During my travels, my compensation for free accommodation for one night, was for me to write a daily travel diary. Of how I got to my next location, the people who would host me, the food I was offered and everything else. Below you find the archives of the highly extensive reports. Know that English is not my native language and most reports were written at high speed around midnight. Enjoy.


Wednesday, 23 April 2003
Miramichi --> Fredericton, New Brunswick, Canada

Rick had told me last night that I could easily sleep in until 10am. "Don't you have to be at work early tomorrow morning?" I had asked him.
"Oh no, my inmates are locked up anyway."


But I was pretty surprised when he woke me up at 9am. Rick told me he would take me along for lunch with one of his colleagues in a while. That was good to me, and with a shower and some coffee I really woke up. At 10.30am I was totally packed again, but expected to go out for that lunch in about an hour. It was then when Rick told me it was already 11.30am and we had to go.

Wait a minute... ???

"I guess you are still on Quebec time?" he asked. Then I started to understand what was going on. It appeared that New Brunswick has a different time zone from Quebec time, and I didn't know that!

I lost one hour and I couldn't figure out where I left it!

Outside it was dreary of the rain. "It's a pity that you came this time of the year, Miramichi is so depressing like this."

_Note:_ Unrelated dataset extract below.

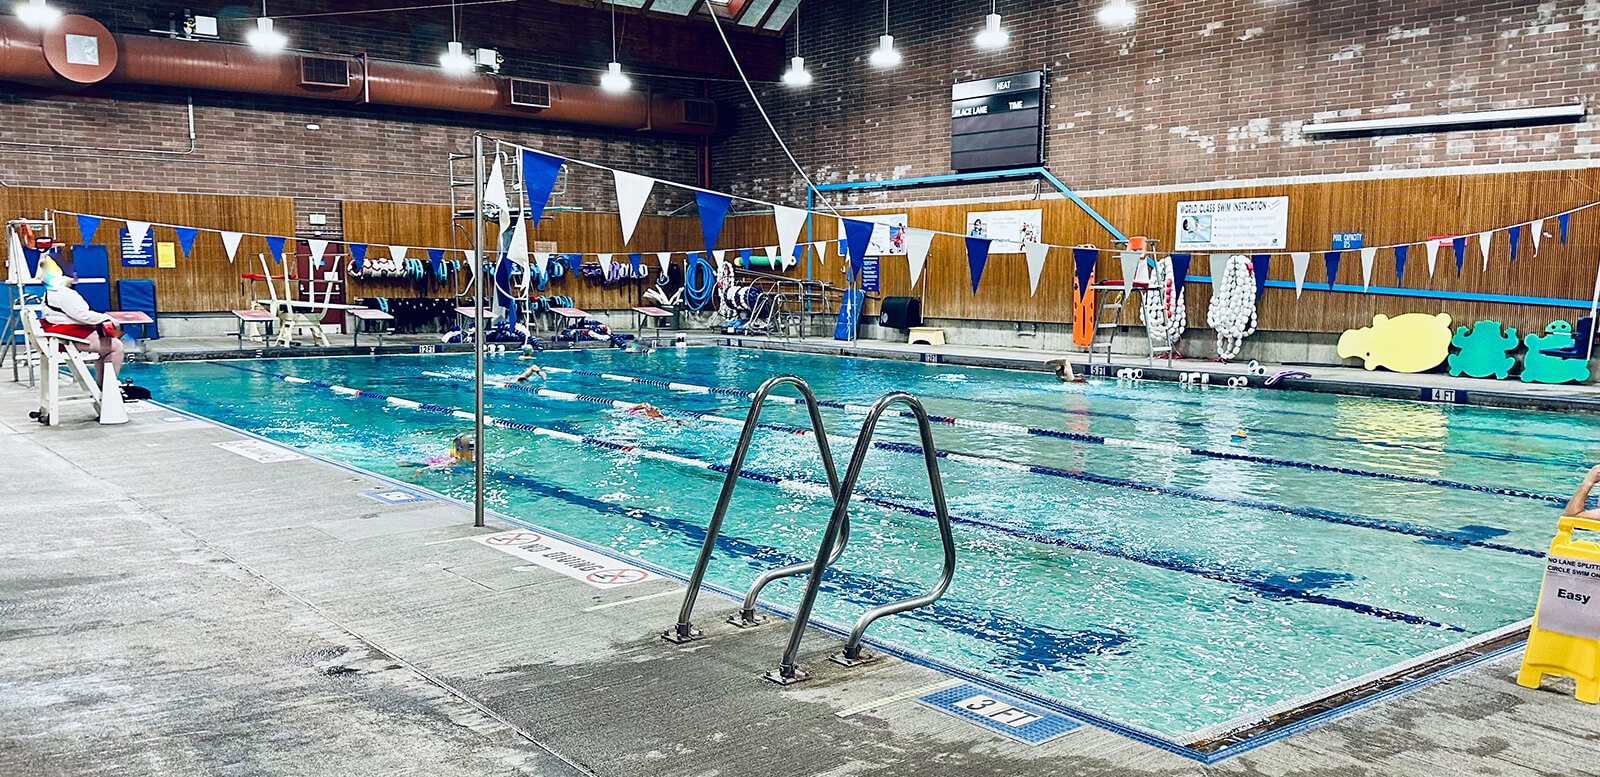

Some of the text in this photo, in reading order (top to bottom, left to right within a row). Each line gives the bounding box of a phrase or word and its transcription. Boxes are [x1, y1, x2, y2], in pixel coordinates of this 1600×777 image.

"Oh by the way, I bought you a bus ticket to get to Fredericton," said Rick and he showed me the ticket, worth some $18. "At least you don't have to hitchhike in the rain."

Still confused about my hour loss, however this was very amusing to Rick and his colleague Paul, I enjoyed an eggs and toast breakfast-lunch in a little along-the-road restaurant, south of Miramichi.

After this meal, Rick showed me around at The Canadian Correctional Institution, as the heavy security prison is nicely called to stay modern. Of course, for security reasons, I was not allowed to take anything with me except my ID, so I could not take any photos, except from the fenced outside.

At the front portal I was cleared and given a visitor's badge and Rick took me along to the main building. I was walking on the grounds of a heavy security prison. "We had one escape last year," Rick informed me. I looked at the high barb wires up the double fences, there were cameras in every corner and a truck drives around the terrain 24-hours-a-day. Prisoners know that if they get too close to this fence, they will be shot. So they won't ever go there either. "But that was an inmate who escaped from the hospital in town."
Did they get him again?
"Yes, after four months they found him again. After he had killed another four people, though."

Inside the prison I meet up with some other colleagues of Rick at the parole offices and then I am taken around for a tour. Most of the inmates were locked up in their units, during this tour through the rest of the building. Lunch time was just finished for them.

Rick has 28 of the 205 inmates under his cover as a parole officer. A total of 60 of all inmates are in segregation, as it is called. They do not meet up with any other prisoners at all. Rick explains me how there are different groups that go out in the recreation areas. "If people get into a fight with each other, they will be separated so they won't meet again."

At the gym I was amazed at all the security. What looked like a normal school gym building, had guards' see-through-mirrors high up in the wall and if anything would happen guns appear through the holes they had. Rick told me they would only shoot directly when somebody else is getting seriously hurt. "First they shoot warning shots at a plate on the other side of the wall, which is mostly enough."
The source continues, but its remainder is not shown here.